Rail Transport Infrastructure Costs

Step-by-Step Code Implementation

1. Import Libraries

import pandas as pd
import numpy as np
import matplotlib.pyplot as plt
import seaborn as sns

from sklearn.compose import ColumnTransformer
from sklearn.preprocessing import OneHotEncoder, StandardScaler
from sklearn.model_selection import train_test_split, GridSearchCV
from sklearn.pipeline import Pipeline
from sklearn.linear_model import ElasticNet
from sklearn.metrics import mean_squared_error, r2_score

2. Load and Prepare Data

df = pd.read_csv("rail_transport_projects.csv")  # file from Kaggle zip
df = df.dropna(subset=['Cost_USD_millions', 'Length_km'])

df['Cost_per_km'] = df['Cost_USD_millions'] / df['Length_km']  # target
y = df['Cost_per_km']

X = df[['Country', 'Mode', 'Terrain', 'Length_km',
        'Tunnel_%', 'Elevated_%', 'Stations', 'Year']]

cat_cols = ['Country', 'Mode', 'Terrain']
num_cols = ['Length_km', 'Tunnel_%', 'Elevated_%', 'Stations', 'Year']
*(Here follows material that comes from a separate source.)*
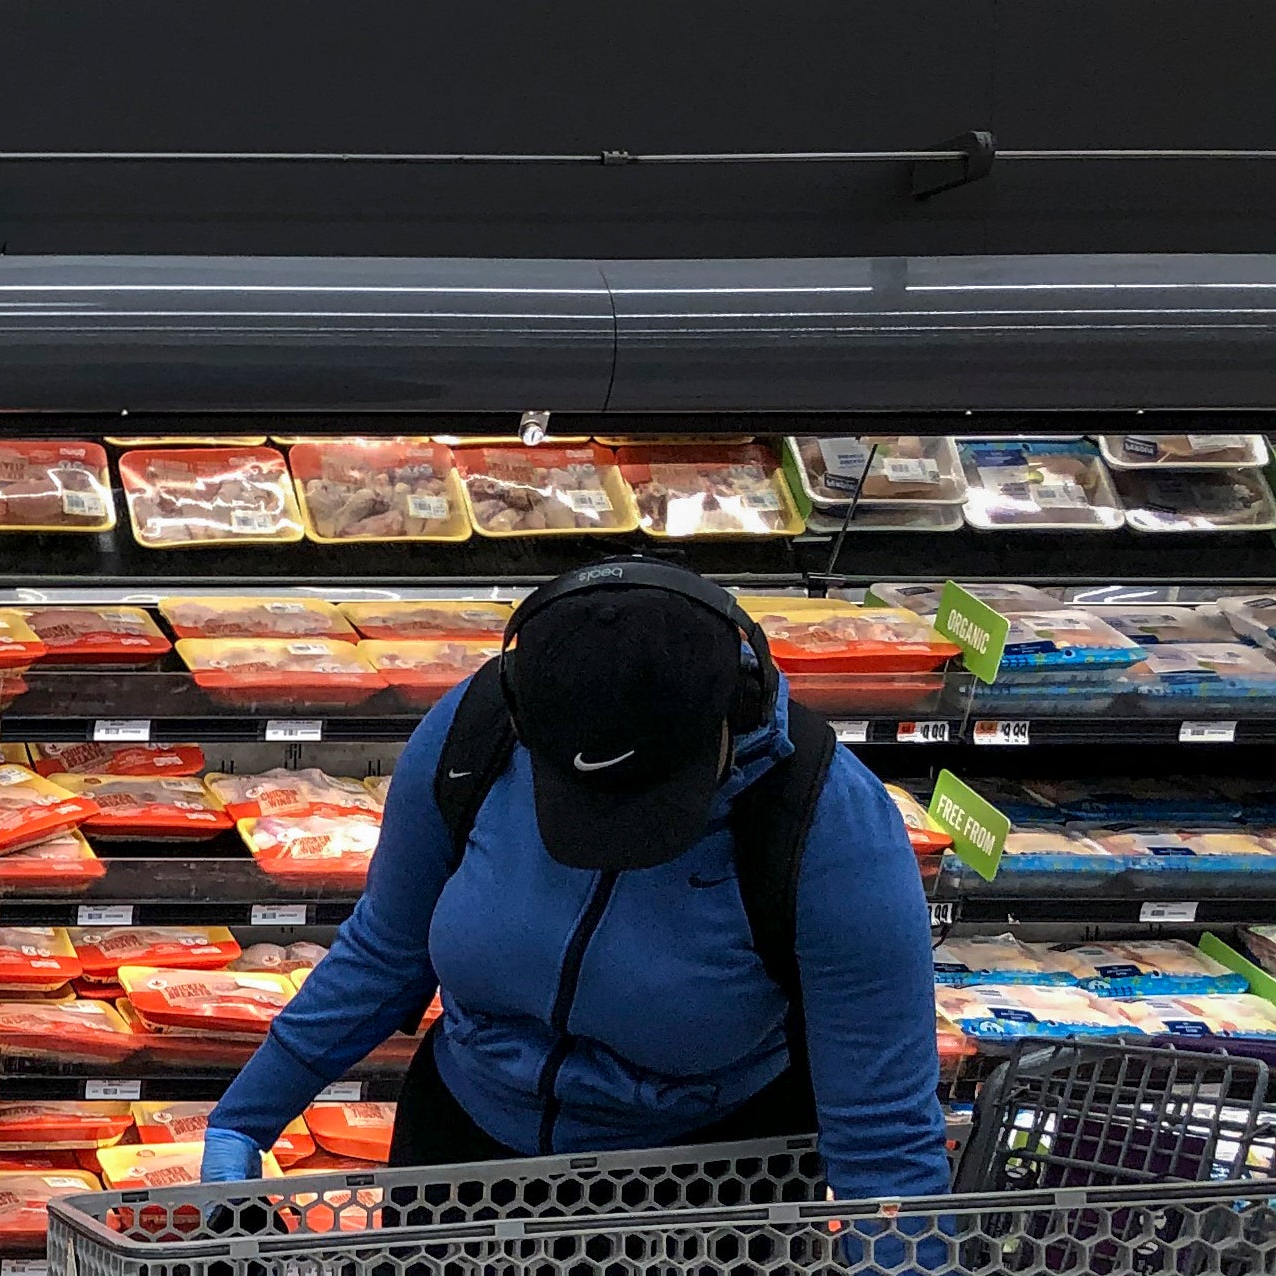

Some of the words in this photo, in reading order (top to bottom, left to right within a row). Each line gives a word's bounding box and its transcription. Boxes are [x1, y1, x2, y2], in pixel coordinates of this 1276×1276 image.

[578, 567, 623, 582] beats
[947, 608, 990, 655] ORGANIC
[936, 793, 966, 832] FREE
[963, 816, 996, 857] FROM
3. Build Elastic Net Pipeline

Pre‑processing

  • One‑hot encoding turns categorical descriptors (country, mode, terrain) into binary vectors.
  • Numeric scope variables are z‑scaled so Elastic Net’s penalty treats them equally.
  • All transformations are applied within each cross‑validation fold via a Pipeline, preventing information leakage.
preprocess = ColumnTransformer([
    ('categorical', OneHotEncoder(drop='first'), cat_cols),
    ('numerical',  StandardScaler(),              num_cols)
])

pipe = Pipeline([
    ('prep', preprocess),
    ('enet', ElasticNet(max_iter=20000, random_state=42))
])

4. Train/Test Split and Hyper‑parameter Search

Elastic Net Tuning

  • alpha sets overall shrinkage: larger values bias toward smaller coefficients, reducing variance.
  • l1_ratio controls the mix of Ridge (which handles multicollinearity) and Lasso (which drives sparsity).
  • A grid of 18 alphas × 9 mix ratios (162 models) is 5‑fold cross‑validated; the lowest RMSE combination is selected.
X_train, X_test, y_train, y_test = train_test_split(
    X, y, test_size=0.2, random_state=42)

param_grid = {
    'enet__alpha'   : np.logspace(-3, 1, 18),   # 0.001 → 10
    'enet__l1_ratio': np.linspace(0.1, 0.9, 9)  # Ridge‑heavy → Lasso‑heavy
}

gs = GridSearchCV(pipe, param_grid,
                  cv=5,
                  scoring='neg_root_mean_squared_error',
                  n_jobs=-1, verbose=1).fit(X_train, y_train)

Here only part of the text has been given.